• _WHAT YOU WILL DO_:
A verbatim transcription of the listing below is required, without its pictures.

• _RECORDS FOR THE TASK_:
------------------------
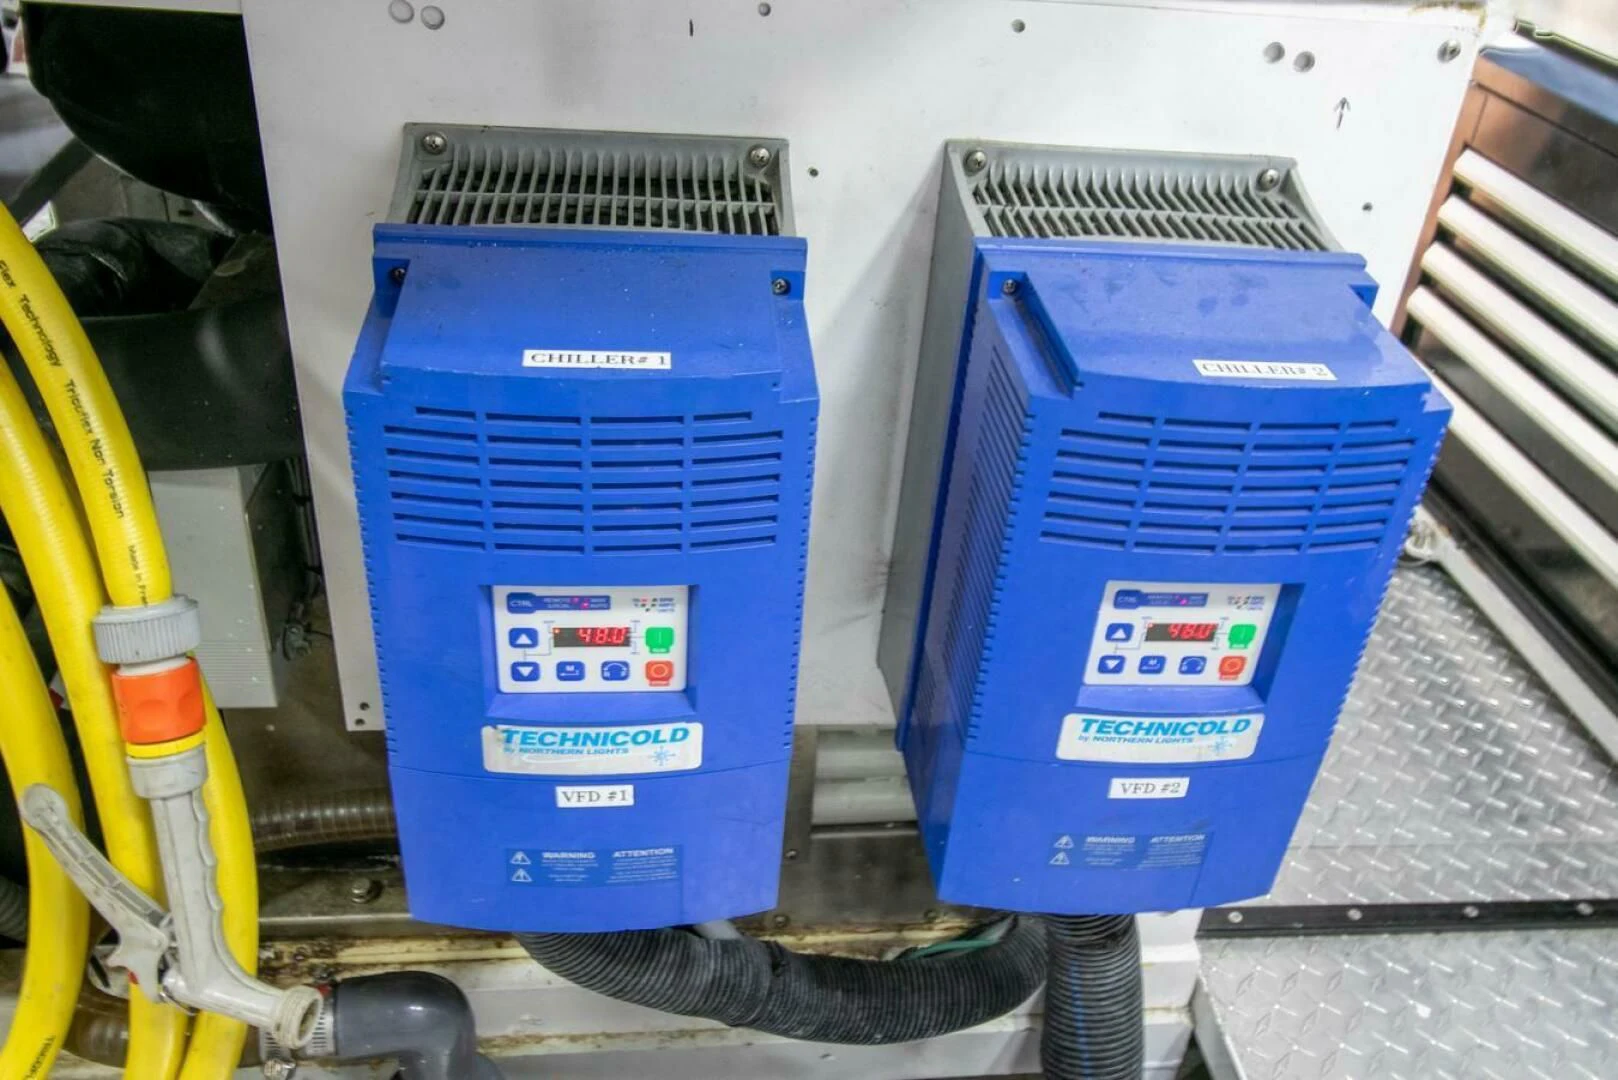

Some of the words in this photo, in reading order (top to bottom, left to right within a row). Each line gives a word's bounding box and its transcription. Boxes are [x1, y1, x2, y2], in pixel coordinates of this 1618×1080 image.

[20, 294, 62, 367] Technology
[531, 353, 648, 365] CHILLER#
[659, 355, 666, 366] 1
[1312, 367, 1328, 377] 2
[91, 438, 105, 465] Non
[103, 469, 125, 519] Torsion
[577, 626, 627, 645] 48.0
[1081, 718, 1251, 736] TECHNICOLD
[501, 727, 690, 747] TECHNICOLD
[1078, 735, 1089, 743] by
[1093, 736, 1154, 744] NORTHERN
[1155, 736, 1194, 744] LIGHTS
[1120, 782, 1155, 795] VFD
[1160, 782, 1181, 794] #2
[562, 790, 601, 803] VFD
[607, 789, 628, 802] #1
[1085, 836, 1136, 844] WARNING
[1149, 834, 1206, 844] ATTENTION
[541, 851, 596, 860] WARNING
[612, 848, 675, 858] ATTENTION
------------------------
• _EXERCISE OUTPUT_:
Some of the words in this photo, in reading order (top to bottom, left to right within a row). Each line gives a word's bounding box and its transcription. Boxes are [x1, y1, x2, y2], in pixel coordinates of this 1618×1080 image.

[20, 294, 62, 367] Technology
[531, 353, 648, 365] CHILLER#
[659, 355, 666, 366] 1
[1312, 367, 1328, 377] 2
[91, 438, 105, 465] Non
[103, 469, 125, 519] Torsion
[577, 626, 627, 645] 48.0
[1081, 718, 1251, 736] TECHNICOLD
[501, 727, 690, 747] TECHNICOLD
[1078, 735, 1089, 743] by
[1093, 736, 1154, 744] NORTHERN
[1155, 736, 1194, 744] LIGHTS
[1120, 782, 1155, 795] VFD
[1160, 782, 1181, 794] #2
[562, 790, 601, 803] VFD
[607, 789, 628, 802] #1
[1085, 836, 1136, 844] WARNING
[1149, 834, 1206, 844] ATTENTION
[541, 851, 596, 860] WARNING
[612, 848, 675, 858] ATTENTION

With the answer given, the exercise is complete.